5. Il résulte de ce qui précède, et sans qu'il soit besoin d'examiner les autres moyens dirigés contre cette décision, que M. A est fondé à demander l'annulation de la décision du 15 avril 2024 par laquelle le préfet du Nord l'a obligé à quitter le territoire français. Il y a lieu, par voie de conséquence, d'annuler les décisions du même jour par lesquelles le préfet du Nord a refusé de lui octroyer un délai de départ volontaire, a fixé son pays de destination et lui a interdit le retour sur le territoire français pour une durée de trois ans.

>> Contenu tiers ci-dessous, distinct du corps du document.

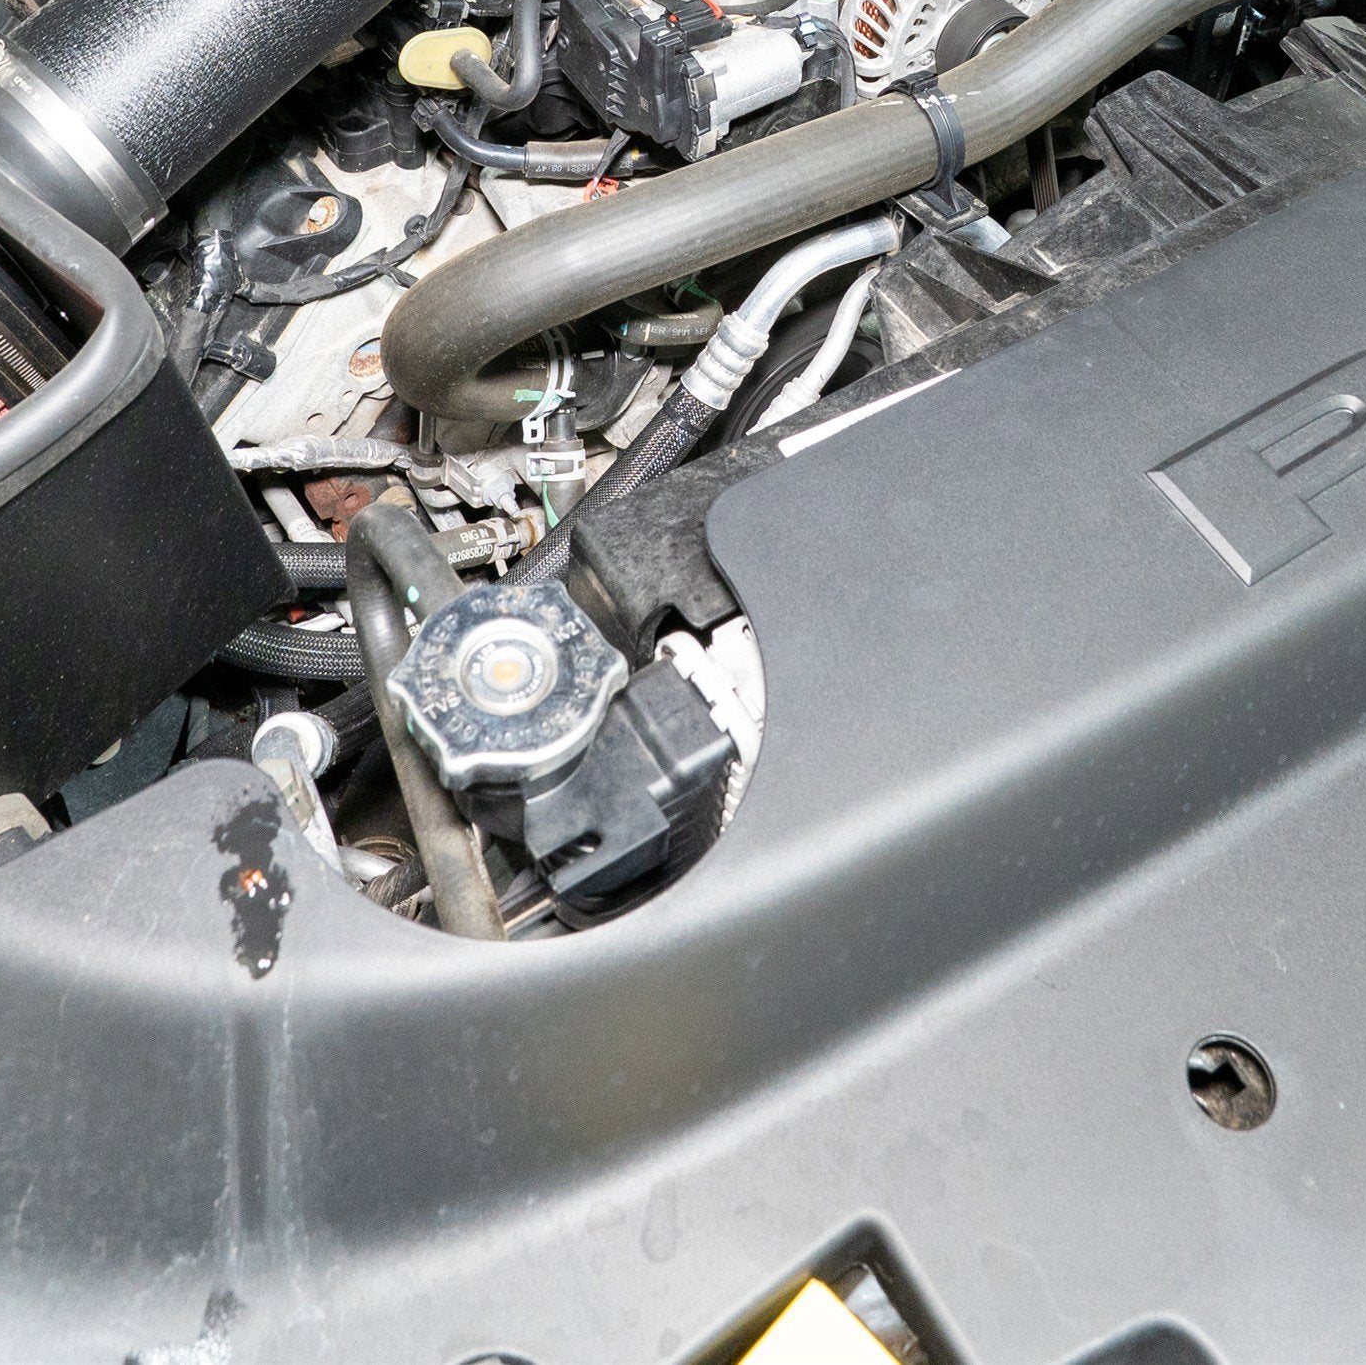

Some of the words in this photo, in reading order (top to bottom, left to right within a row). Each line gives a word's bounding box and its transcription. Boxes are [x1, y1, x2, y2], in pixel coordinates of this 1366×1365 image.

Sur les conclusions à fin d'injonction :
6. L'exécution du présent jugement implique que le préfet du Nord procède au réexamen de la situation de M. A dans un délai d'un mois à compter du présent jugement et qu'il lui délivre, dans l'attente, une autorisation provisoire de séjour.
Sur les frais liés au litige :
7. M. A ayant été admis au bénéfice de l'aide juridictionnelle à titre provisoire, son avocate peut se prévaloir des dispositions des articles L. 761-1 du code de justice administrative et 37 de la loi du 10 juillet 1991. Il y a lieu, dans les circonstances de l'espèce, et sous réserve de l'admission définitive de M. A au bénéfice de l'aide juridictionnelle et de la renonciation de son avocate à percevoir la somme correspondant à la part contributive de l'État, de mettre à la charge de ce dernier le versement à Me Danset-Vergoten de la somme de 900 euros.
DÉCIDE :
Article 1er : M. A est admis au bénéfice de l'aide juridictionnelle totale, par suite, il n'y a plus lieu d'y statuer.
Article 2 : L'arrêté en date du 15 avril 2024 par lequel le préfet du Nord a fait obligation à M. A de quitter le territoire français sans délai, a fixé le pays de destination de la mesure d'éloignement et lui a fait interdiction de retour sur le territoire français pour une durée de trois ans est annulé.
Article 3 : Il est enjoint au préfet du Nord de procéder au réexamen de la situation de M. A dans le délai d'un mois à compter de la notification du présent jugement et de lui délivrer, dans l'attente, une autorisation provisoire de séjour.
Article 4 : Sous réserve de l'admission définitive de M. A à l'aide juridictionnelle et sous réserve que Me Danset-Vergoten renonce à percevoir la somme correspondant à la part contributive de l'État, ce dernier versera à Me Danset-Vergoten, avocate de M. A, la somme de 900 (neuf cents) euros en application des dispositions du deuxième alinéa de l'article 37 de la loi du 10 juillet 1991.
Article 5 : Le surplus des conclusions de la requête de M. A est rejeté.
Article 6 : Le présent jugement sera notifié à M. B A, à Maître Danset-Vergoten et au préfet du Nord.
Rendu public par mise à disposition au greffe le 14 juin 2024.
Le magistrat désigné,
Signé,
J. KRAWCZYK La greffière,
Signé,
N. CARPENTIER
La République mande et ordonne au préfet du Nord en ce qui le concerne ou à tous commissaires de justice à ce requis en ce qui concerne les voies de droit commun contre les parties privées, de pourvoir à l'exécution du présent jugement.